Streamers have enabled substantial expansion in the number of opportunities available to early-career filmmakers and, according to the Berlinale’s artistic director Carlo Chatrian, have also resulted in far larger production budgets. Cara Cusumano, the Tribeca Film Festival’s festival director and VP of programming echoes this sentiment, noting that streamers “put more pressure on festivals” to identify new talent. But they’ve also augmented the criteria for the films that make their way onto festival slates. Streaming has transformed how we discover films, replacing more traditional forms of browsing with algorithms that assess behavioral data to put content in front of viewers that they’ll readily consume. Chatrian and Cusumano both add that the emphasis streaming companies place on funding projects that they anticipate will have broad audience appeal has discouraged experimentation in form and narrative. This means that the Netflix catalog that viewers encounter today, which is full of direct-tostreaming projects, is less diverse than it might have been in the past. Still, original narratives are what keep the medium relevant, and identifying them is the central struggle of streamers and studios alike—a challenge that is becoming more pronounced as streaming platforms flood the market and as social media and gaming compete for audiences’ time and attention.

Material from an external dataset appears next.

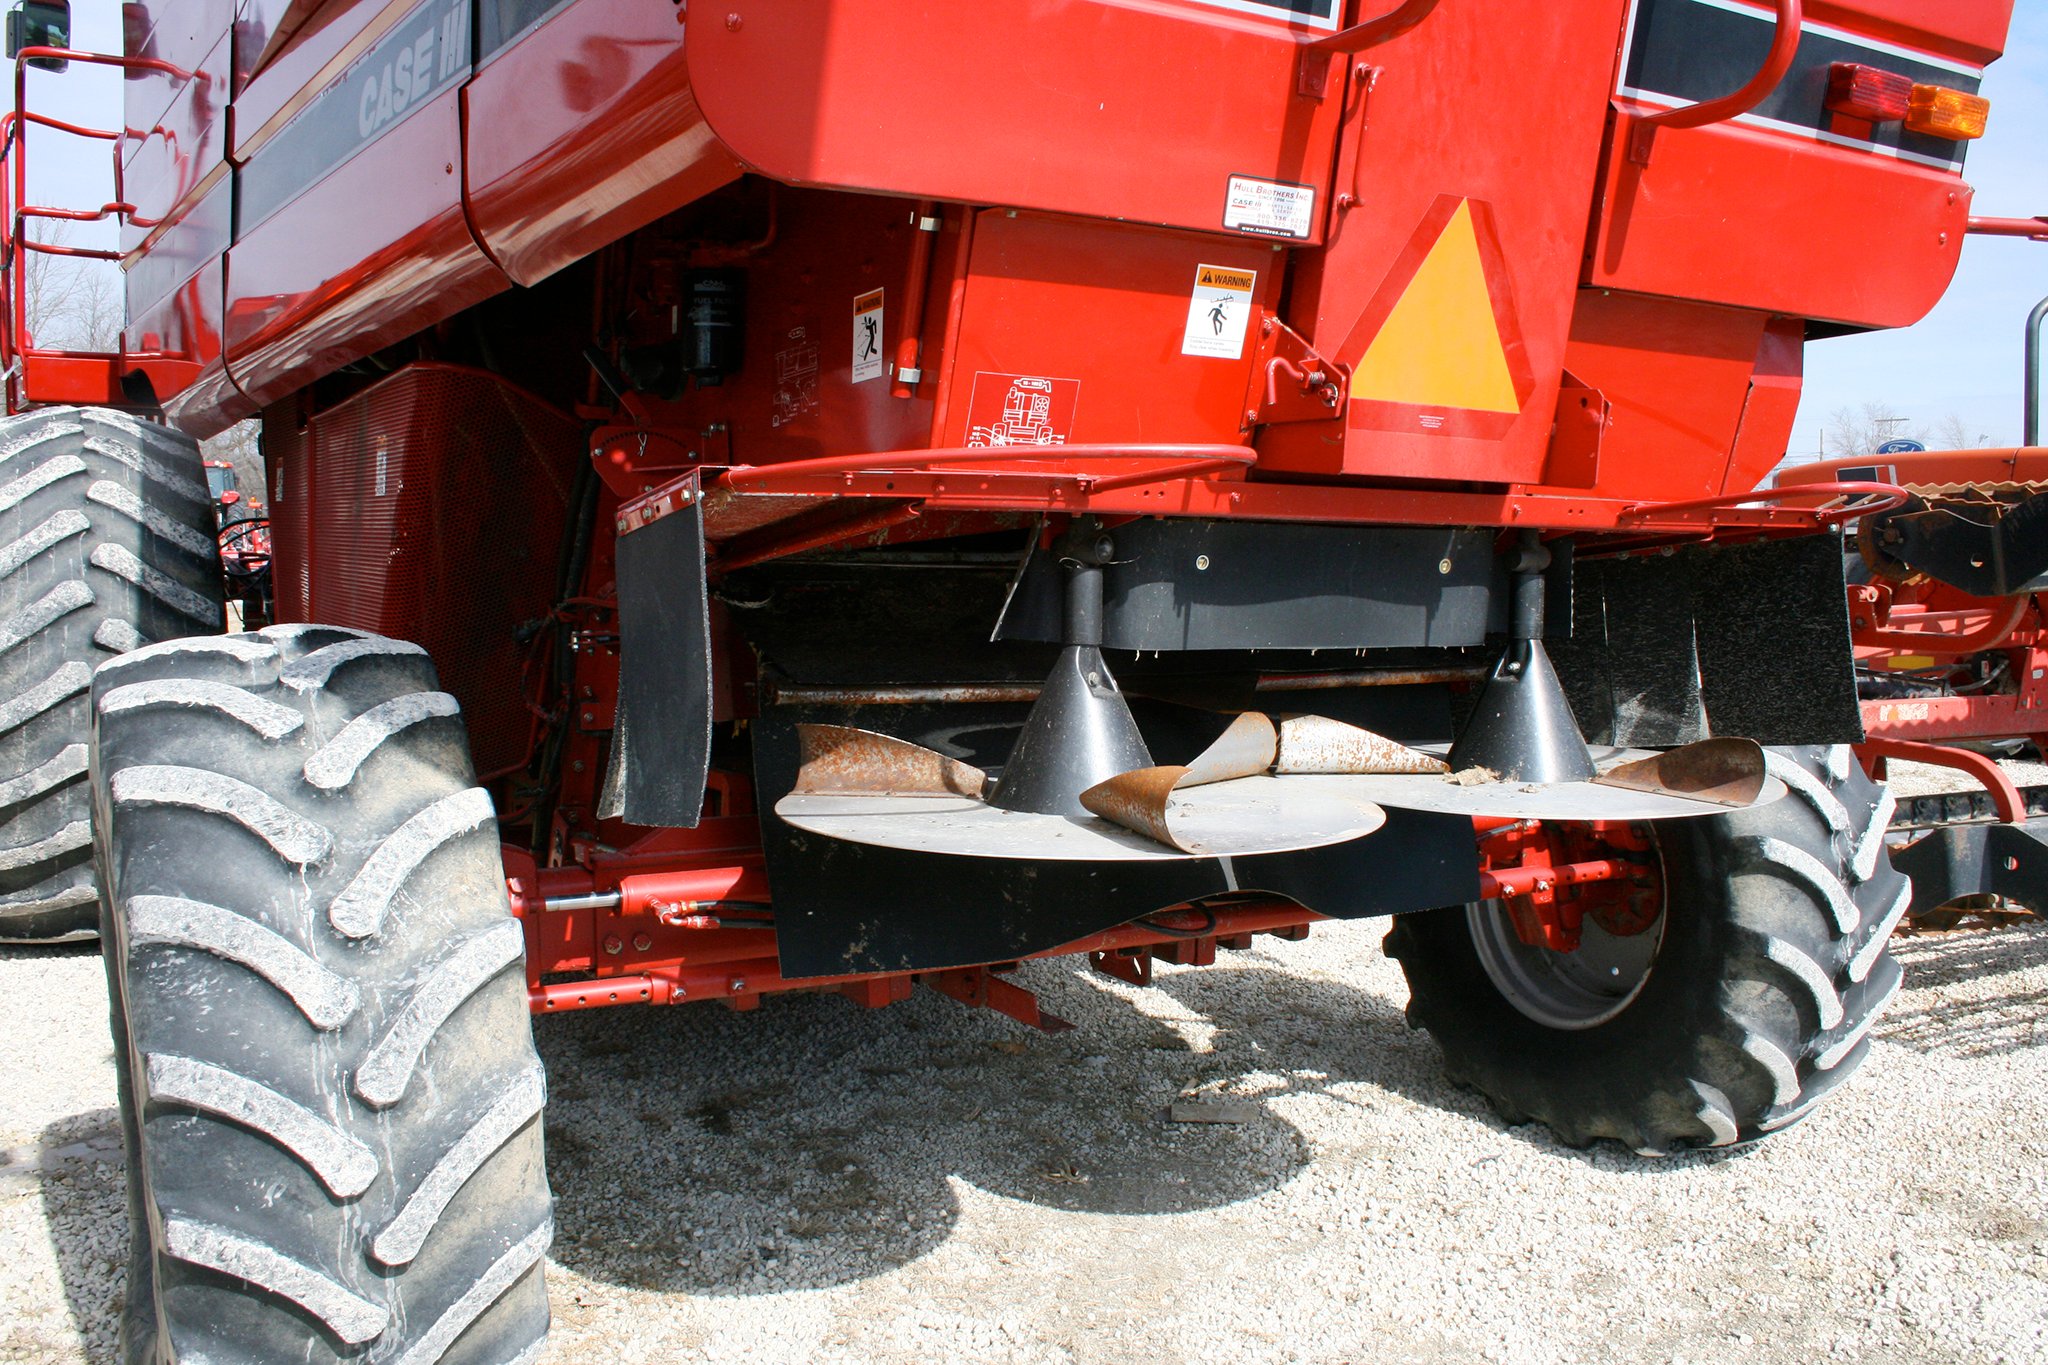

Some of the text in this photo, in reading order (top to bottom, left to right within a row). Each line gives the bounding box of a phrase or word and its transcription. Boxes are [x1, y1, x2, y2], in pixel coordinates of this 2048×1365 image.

Original stories do, however, consistently find their first key audience at film festivals. But what, precisely, counts as original stories is both difficult to pinpoint and the subject of ongoing debate. Chatrian cites Steven Spielberg’s The Fabelmans as an example of the power of anachronism—of using older techniques and narratives that, perhaps paradoxically, feel fresh, an innovative strategy that has also proven successful in other industries (take Kehinde Wiley’s citations of the Old Masters, or Alessandro Michele’s nostalgic designs for Gucci). The hunt for original material has also compelled festival programmers to reach beyond cinema’s conventions by offering “immersive” or extended reality (XR) sections; but a survey of such programming, which differs at every festival, suggests that XR content has yet to effectively intersect with film and TV or to connect with audiences in lasting ways.
Nevertheless, it’s indie filmmakers whose relentless innovations in narrative and form ensure the continued relevance of Sundance, the Berlinale, and other major festivals on the circuit. For creatives like Christine Vachon, whose production company Killer Films has been developing raw, cutting-edge projects since it debuted the generation-defining Kids in 1995, festivals remain a crucial avenue for alternative films to enter the critical discourse. She insists that there is no formula for cinematic success—“you know it when you see it.” The fact that many streamers now offer access to award-winning projects from specific festivals—Netflix has individual channels for Cannes and the Toronto International Film Festival—signals that independent storytelling and the festivals that champion it will continue reaching for originality, even as the financial and data-driven structures of SVODs might appear to discourage it.
This landscape of heterogeneous incentive structures is an early indication of impending tectonic shifts in the industry, but unlike the apocalyptic projections of many, it’s likely to be one in which the role of film festivals and their symbiotic relationships with indie producers is more important than ever.